Lecture by JeanPierre Dupuy
30 may 2017
Lecture

Lecture by JeanPierre Dupuy

Tuesday 30th May, at 6pm, free entry

IAS-Nantes, Simone Weil Amphitheater

Indeterminacy – a radical form of uncertainty. The case of nuclear deterrence

Lecture by Jean-Pierre Dupuy,Professor at the University of Stanford.

In 1921, in relation to rational apprehension of the future, the American economist Frank Knight introduced the concept of radical uncertainty by making a distinction between risk, which is comprehensible in terms of likelihood, and uncertainty, which is irreducible in calculating chance. Keynes used this distinction again in 1936 in his Theory, but that was the end of its story. After the second world war, Leonard Savage’s concept of subjective probability and Bayes’ theorem looked set to sweep the table, as economists and other decision-makers could not come to terms with the rather hazy idea of radical uncertainty.

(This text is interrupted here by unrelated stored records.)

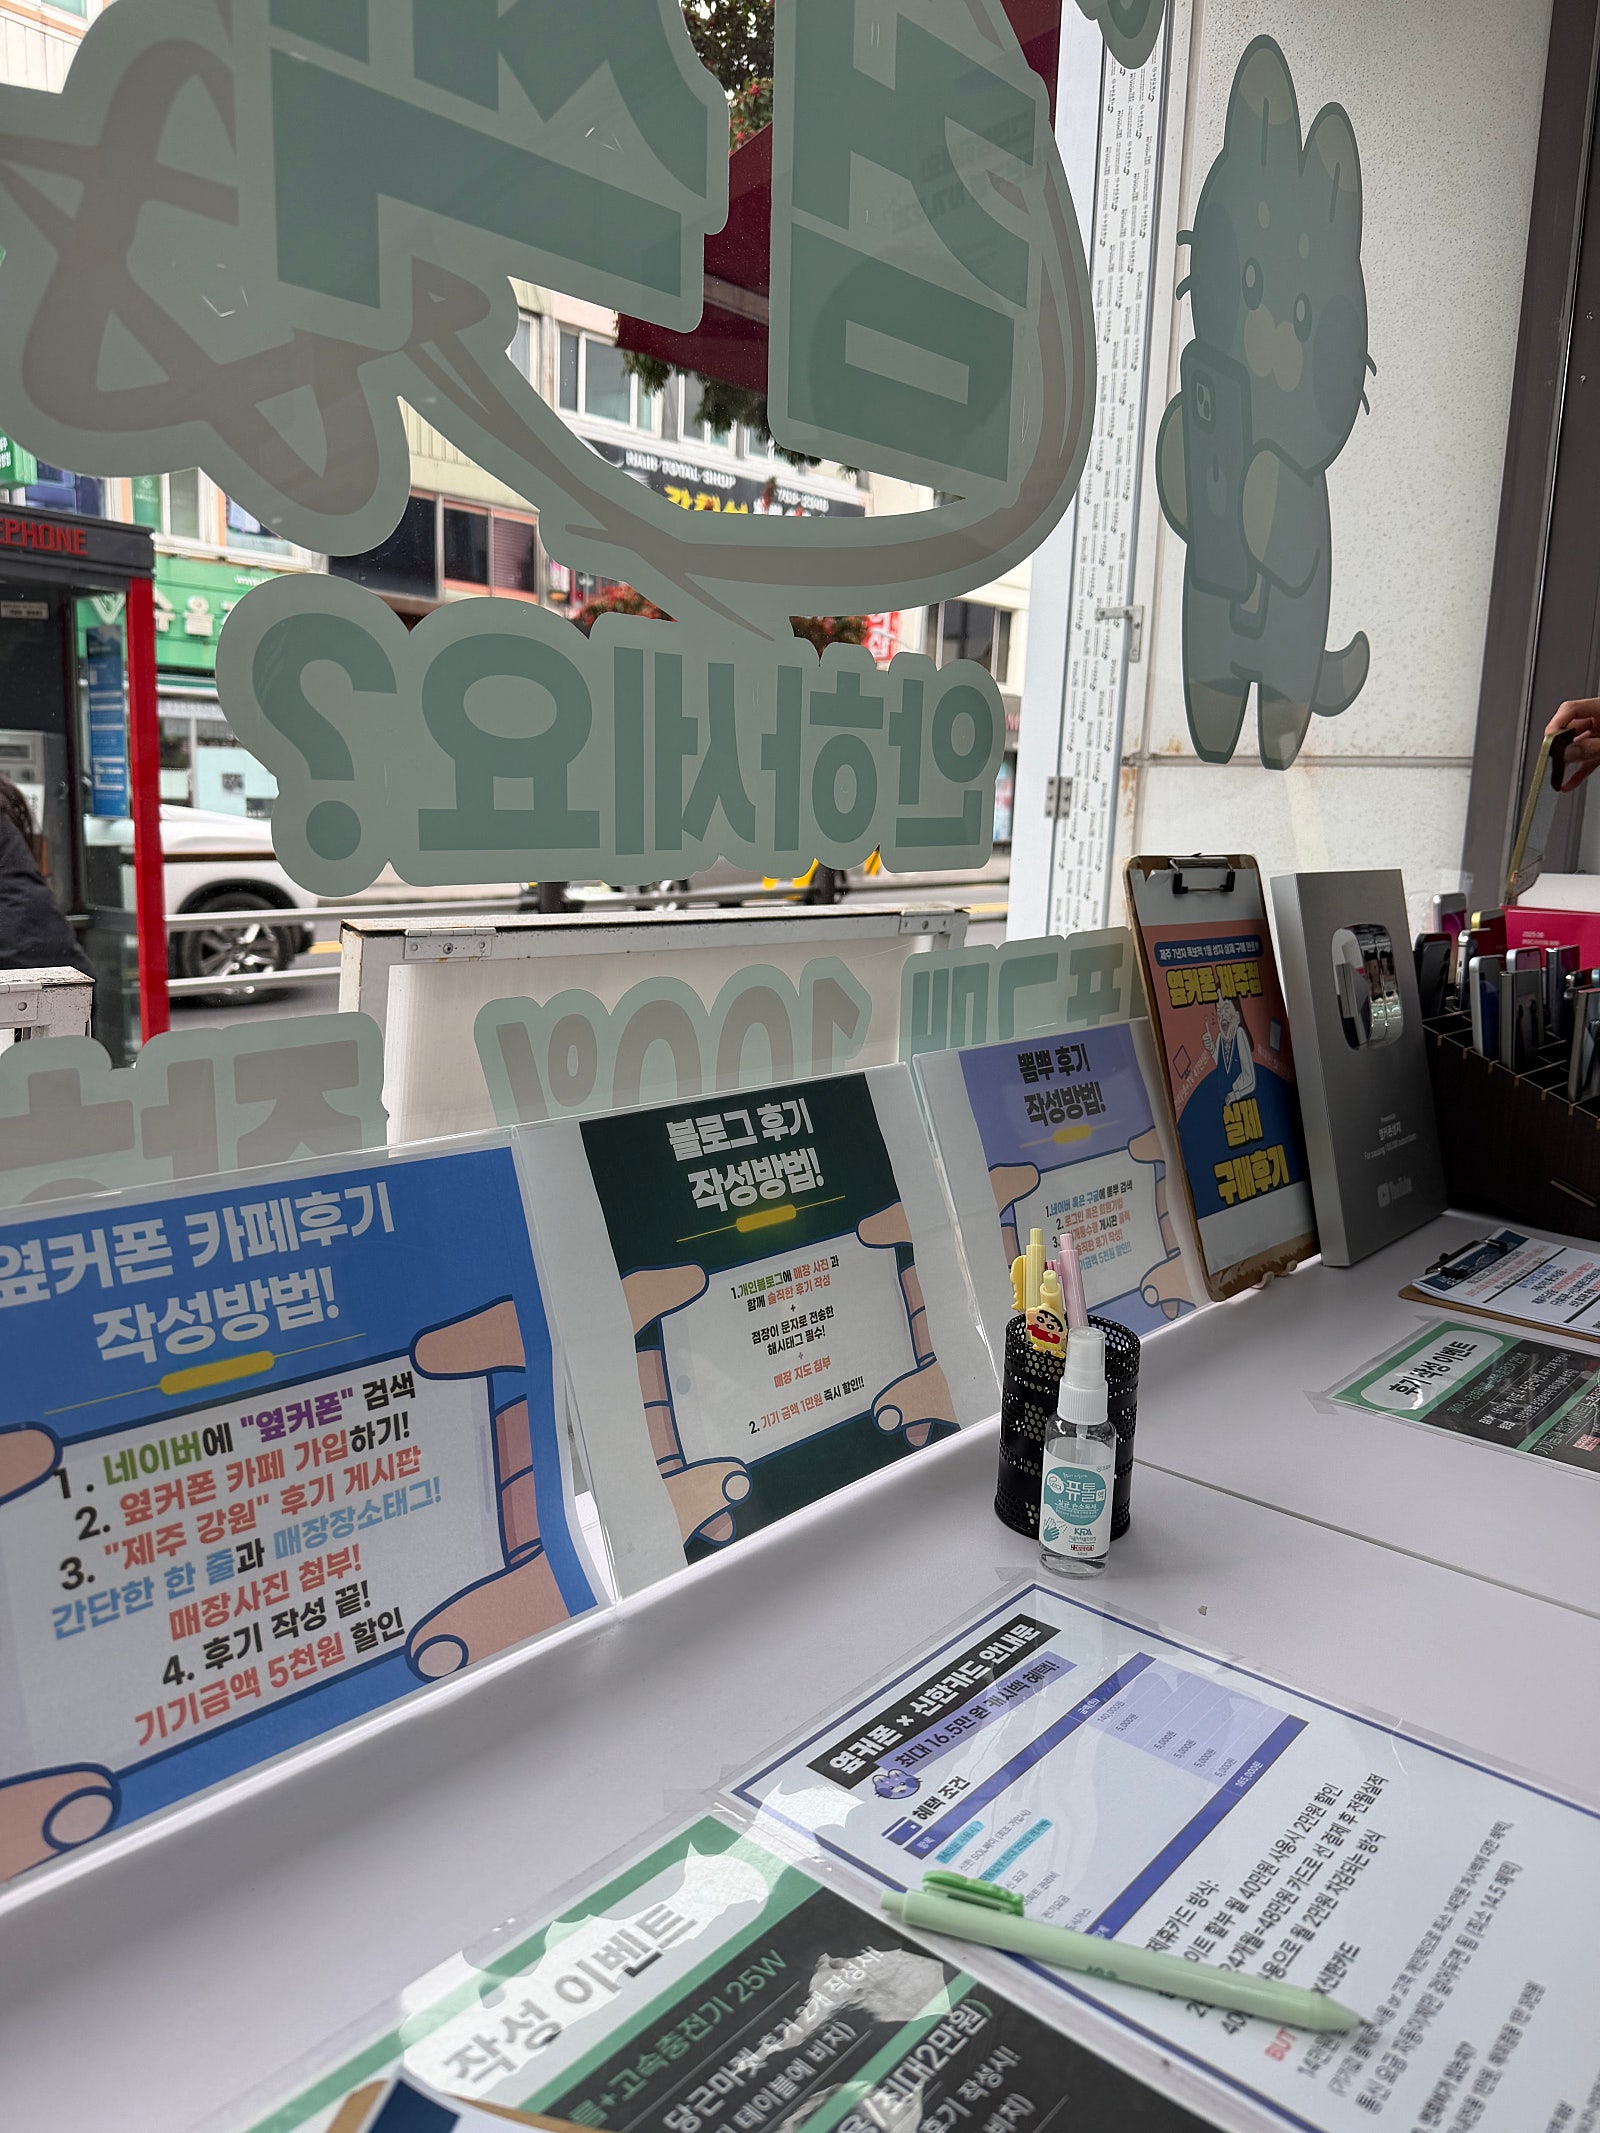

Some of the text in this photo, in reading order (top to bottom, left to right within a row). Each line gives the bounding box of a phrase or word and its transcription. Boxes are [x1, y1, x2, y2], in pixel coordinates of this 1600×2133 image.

[660, 460, 700, 481] TOTAL
[700, 469, 736, 489] SHOP
[0, 518, 88, 556] PHONE
[1167, 960, 1263, 1008] 옆커폰 제주점
[1017, 1043, 1091, 1085] 뽐뿌 후기
[1024, 1081, 1106, 1127] 작성방법!
[1223, 1098, 1263, 1148] 실제
[665, 1097, 815, 1163] 블로그 후기
[687, 1146, 825, 1214] 작성방법!
[1213, 1143, 1289, 1206] 구매후기
[1064, 1210, 1084, 1227] 로그인
[0, 1181, 396, 1306] 옆커폰 카페후기
[793, 1262, 812, 1282] 매장
[812, 1258, 830, 1276] 사진
[746, 1274, 832, 1312] 함께 솔직한 후기 작성
[93, 1266, 338, 1365] 작성방법!
[751, 1305, 835, 1345] 점장이 문자로 전송한
[767, 1326, 827, 1357] 해시태그 필수!
[1432, 1341, 1478, 1363] 이벤트
[774, 1356, 832, 1389] 매장 지도 첨부
[760, 1411, 780, 1430] 기기
[780, 1403, 800, 1421] 금액
[800, 1393, 823, 1416] 1만원
[823, 1385, 842, 1403] 즉시
[842, 1375, 866, 1396] 할인!!
[104, 1423, 233, 1486] 네이버에
[241, 1388, 354, 1442] "옆커폰"
[362, 1370, 417, 1411] 검색
[119, 1468, 215, 1527] 옆커폰
[226, 1450, 285, 1495] 카페
[294, 1412, 411, 1475] 가입하기!
[104, 1521, 187, 1571] "제주
[197, 1494, 270, 1542] 강원"
[281, 1479, 335, 1515] 후기
[344, 1445, 422, 1496] 게시판
[1074, 1527, 1093, 1536] KFDA
[51, 1476, 442, 1641] 간단한 한 줄과 매장장소태그!
[169, 1544, 363, 1642] 매장사진 첨부!
[161, 1580, 371, 1688] 4. 후기 작성 끝!
[134, 1606, 406, 1747] 기기금액 5천원 할인
[829, 1623, 1042, 1775] 옆커폰 신한카드 안내문
[894, 1743, 933, 1769] 최대
[1022, 1660, 1061, 1686] 혜택!
[1115, 1713, 1139, 1733] 5,000원
[1154, 1729, 1178, 1751] 5,000원
[1173, 1738, 1197, 1760] 5,000원
[1194, 1748, 1217, 1769] 5,000원
[1214, 1757, 1238, 1779] 5,000원
[1234, 1760, 1264, 1788] 165,000원
[1346, 1772, 1389, 1815] 전월실적
[912, 1775, 971, 1821] 혜택 조건
[1338, 1811, 1358, 1826] 후
[1312, 1843, 1335, 1860] 선
[1321, 1822, 1352, 1847] 결제
[1355, 1829, 1387, 1853] 방식
[1203, 1782, 1344, 1938] 할부 월 40만원 사용시 2만원 할인
[1286, 1856, 1324, 1892] 카드로
[1324, 1853, 1370, 1897] 차감되는
[1145, 1880, 1221, 1952] 제휴카드 방식:
[1301, 1892, 1339, 1928] 2만원
[1289, 1923, 1316, 1942] 월
[443, 1902, 699, 2084] 작성 이벤트
[568, 1949, 787, 2128] 름+고속충전기 25W
[662, 2047, 768, 2133] 당근마켓
[823, 1945, 884, 1992] 작성시!
[1264, 2026, 1298, 2062] BUT
[733, 2021, 857, 2129] 테이블에 비치)
[956, 2045, 1022, 2102] 작성시!

I will attempt to give this idea form and substance by using the concept of indeterminacy in the sense intended by quantum physicist Werner Heisenberg in his principle of Unbestimmtheit, which should not be translated as “principle of uncertainty” but rather as “principle of indeterminacy”. The probable is based on the disjuncture between possible futures (there will be a naval battle tomorrow or there won’t be), whereas the undetermined must be thought of in terms of the superposition of conflicting states: Schrödinger’s poor cat is simultaneously dead and alive as long as we have not actually witnessed its state.

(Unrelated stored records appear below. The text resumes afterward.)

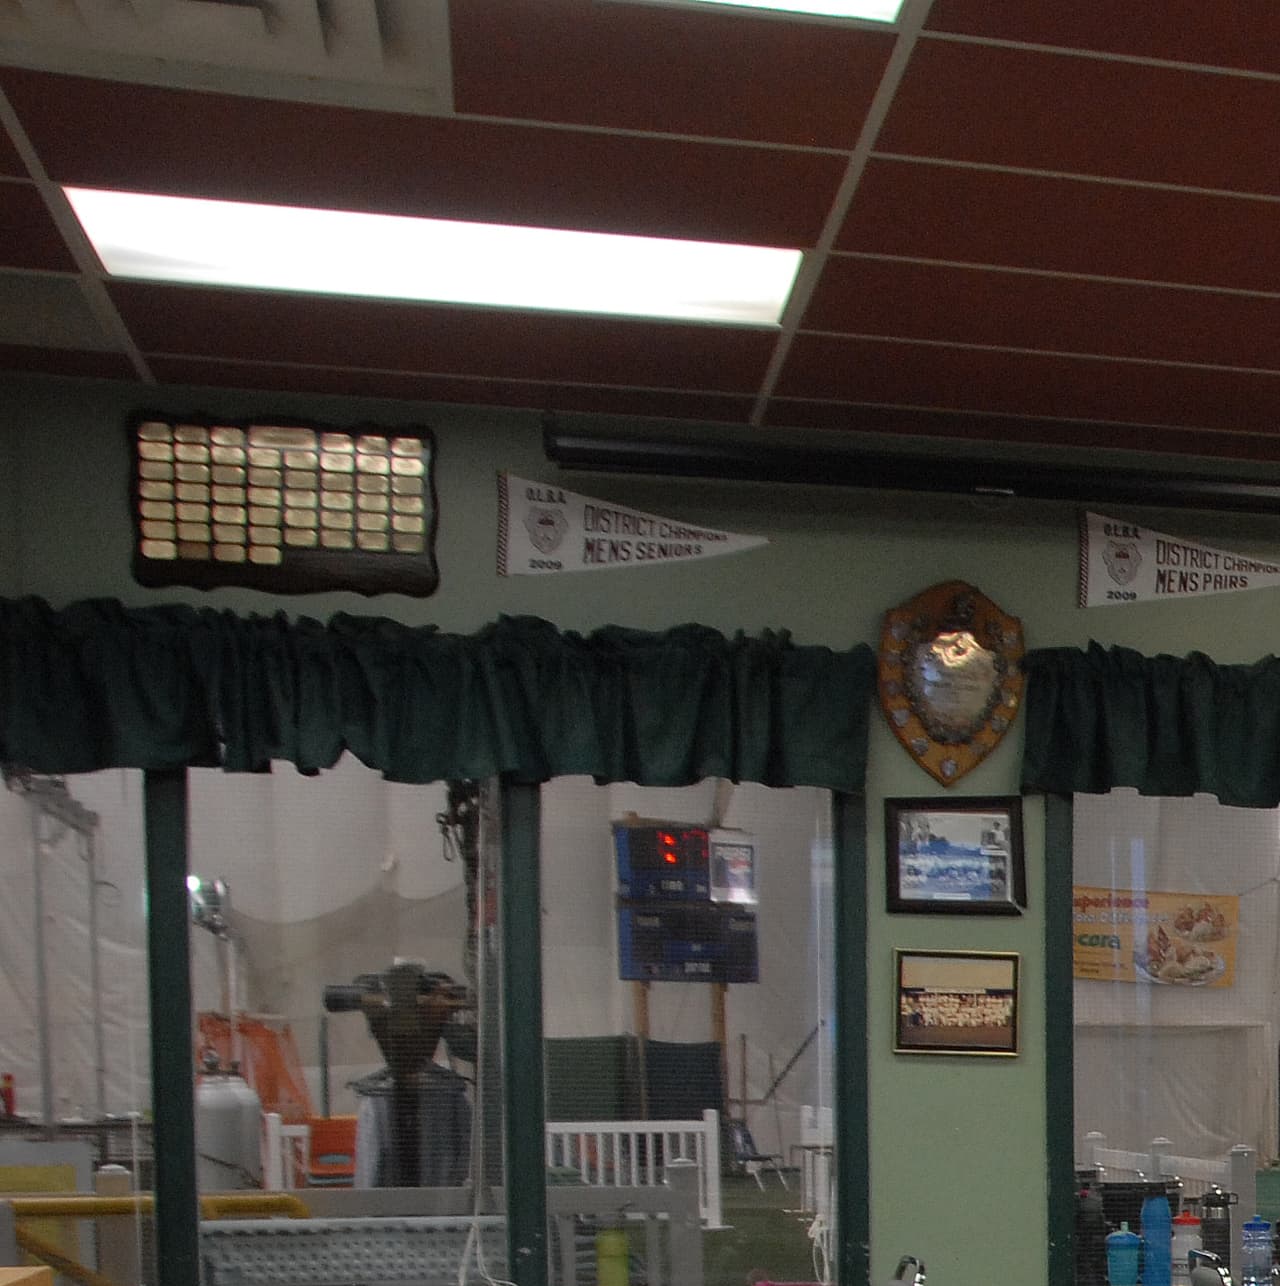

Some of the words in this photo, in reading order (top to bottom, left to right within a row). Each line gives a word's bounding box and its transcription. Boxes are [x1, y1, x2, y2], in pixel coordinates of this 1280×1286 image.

[583, 504, 656, 538] DISTRICT
[659, 522, 729, 542] CHAMPIONS
[583, 537, 631, 564] MENS
[635, 540, 703, 560] SENIORS
[1156, 539, 1221, 570] DISTRICT
[1155, 569, 1199, 593] MENS
[1202, 574, 1248, 590] PAIRS
[1106, 590, 1137, 601] 2009

The main part of the talk will consist of illustrating this idea with the example of what has been called, for want of a better term, the “cold war” or “nuclear peace”, and attempting to shed light on the central paradox of nuclear deterrence: how can we explain the fact that for over forty years, two superpowers have constantly threatened each other with nuclear annihilation without this actually happening.